Passage obligé donc, pour obtenir un bout de papier ridicule qui aurait du me consacrer majeur de promo. Si j’emploie le passé, c’est que j’y ai renoncé il y a quelques mois. Non que je ne sois pas le meilleur, c’est un fait mathématique incontestable. Mais je n’aurai pas la capacité physique de finir mes études : ce soir, je vais mettre à exécution un plan que j’ai peaufiné pendant des semaines, alors que mes camarades américains et scandinaves séchaient allégrement les cours, cuvant vin et bière saturés de sulfites en toute impunité dans l’intimité de leur chambre de 6 mètres carrés. Car si les étudiants reviennent souvent ravis de leurs programmes d’échange en Chine, je n’ai pour ma part jamais voulu y partir. Et Hong Kong, quelle ville ! Débauche et superficialité, rien d’autre.
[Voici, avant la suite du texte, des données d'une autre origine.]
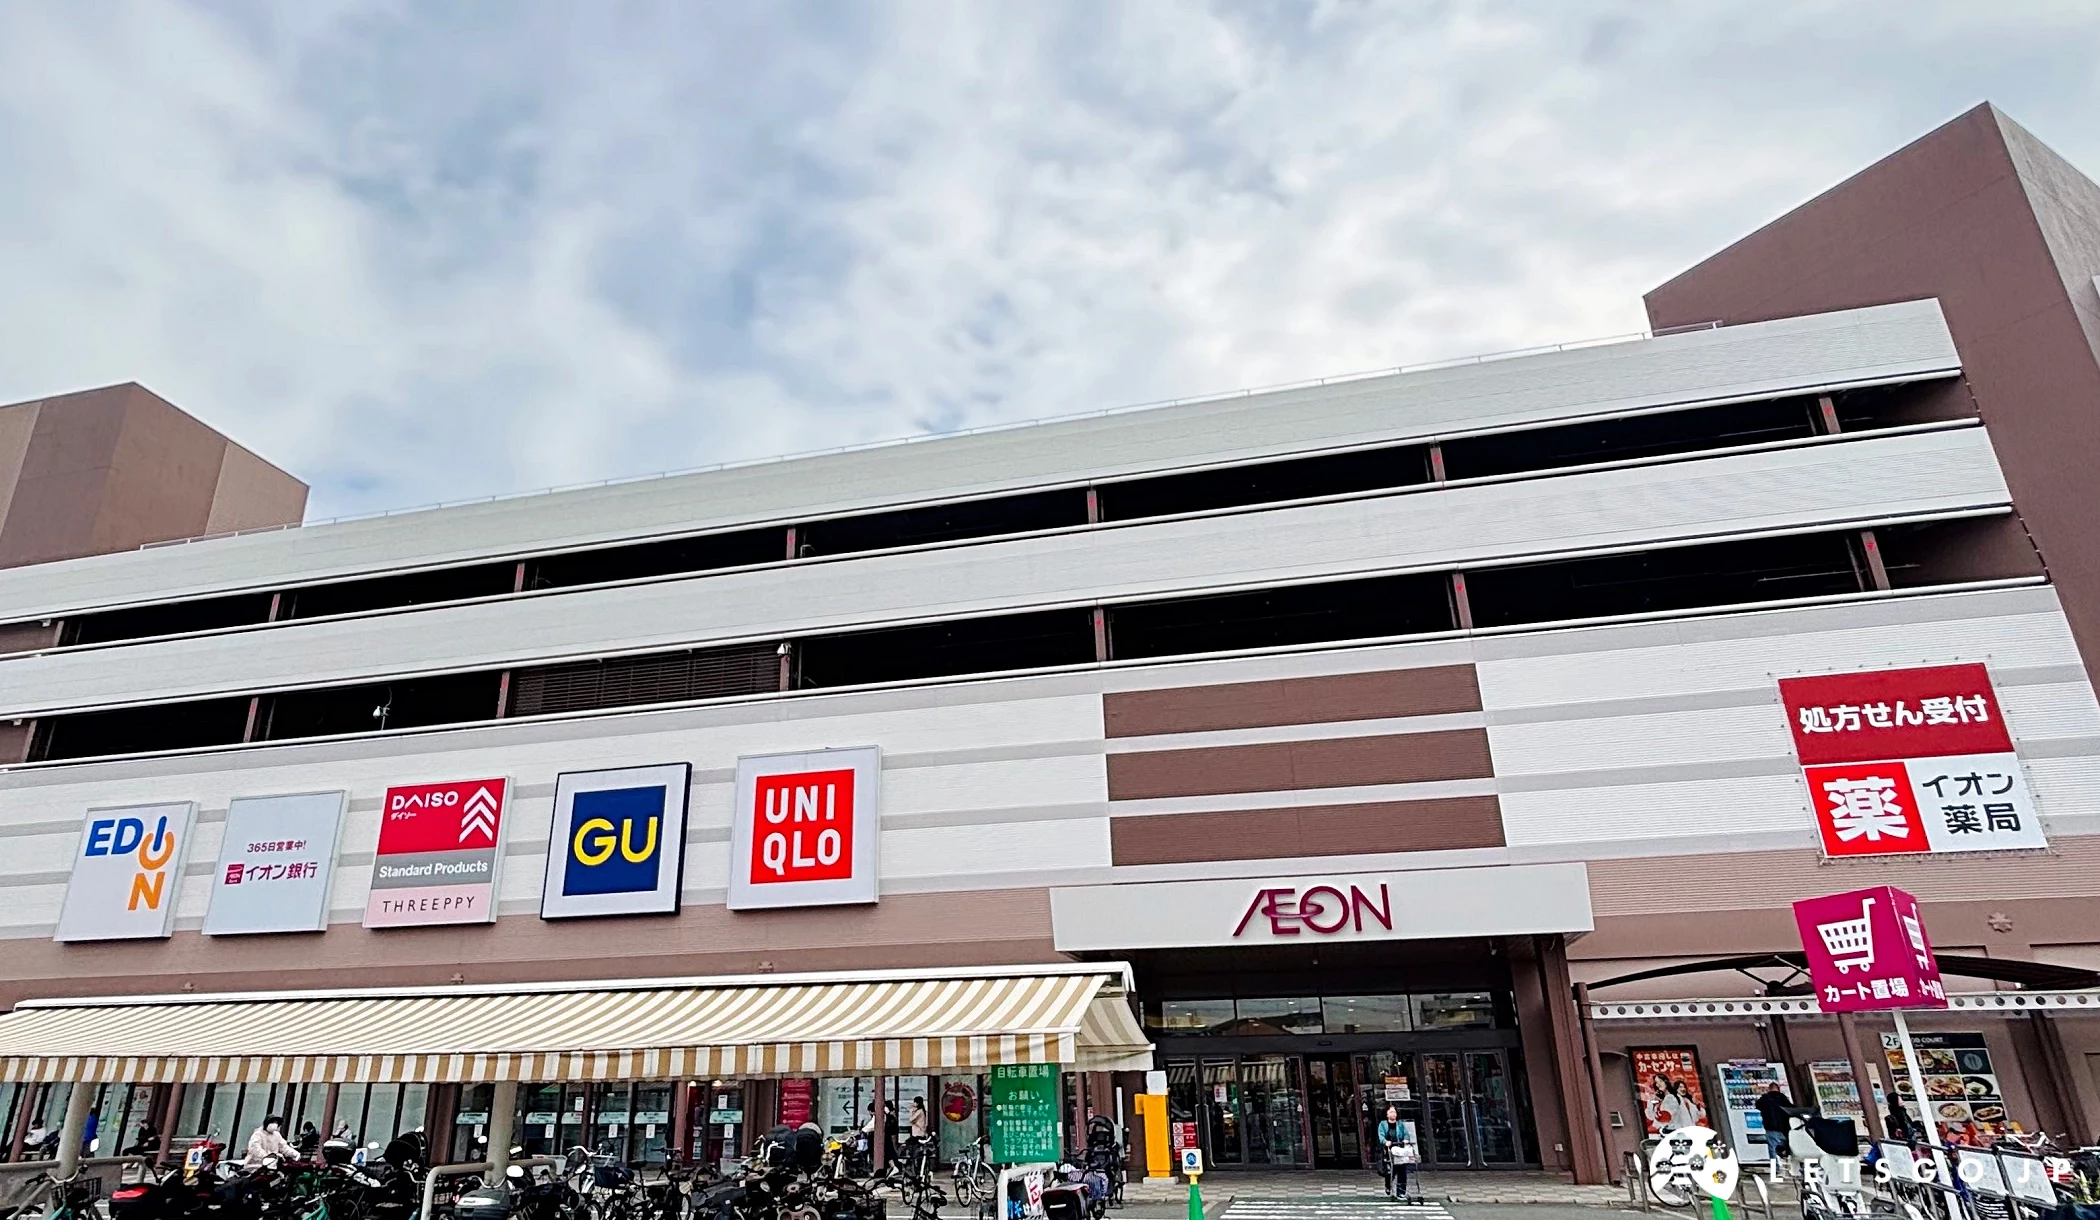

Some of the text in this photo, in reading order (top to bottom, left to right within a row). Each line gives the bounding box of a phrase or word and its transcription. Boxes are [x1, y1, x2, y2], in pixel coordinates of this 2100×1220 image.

[1799, 694, 1989, 735] 処方せん受付
[1922, 772, 2013, 798] イオン
[391, 791, 459, 811] DAISO
[765, 783, 835, 824] UNI
[1822, 776, 1910, 842] 薬
[1941, 802, 2021, 835] 薬局
[573, 815, 658, 867] GU
[762, 828, 841, 876] QLO
[245, 861, 318, 881] イオン銀行
[379, 860, 488, 878] Standard Products
[383, 896, 475, 913] THREEPPY
[1823, 977, 1910, 1003] カート置場
[1884, 1035, 1900, 1047] 2F
[997, 1065, 1050, 1079] 自転車置場
[1638, 1061, 1681, 1073] カーセンサー
Une erreur qui n’aurait jamais dû figurer dans mon parcours mais qui sert finalement mes desseins. Car mon rêve n’était pas de partir dans une université moyenne de cette ville occidentalisée à l’extrême et règne de la contrefaçon. Même les habitants sont contrefaits.

Non, tout me poussait à partir au MIT, à Boston, où j’aurais rencontré un enseignement digne de mes espérances. Mais à Hong Kong, le niveau des cours était pathétique, et les professeurs, avec leurs anglais pitoyable et leurs bonnes vieilles opinions anti communistes n’étaient rien d’autres que des clichés grandeur nature. Quel étudiant assidu n’a pas retenu quel horrible personnage était Mao ?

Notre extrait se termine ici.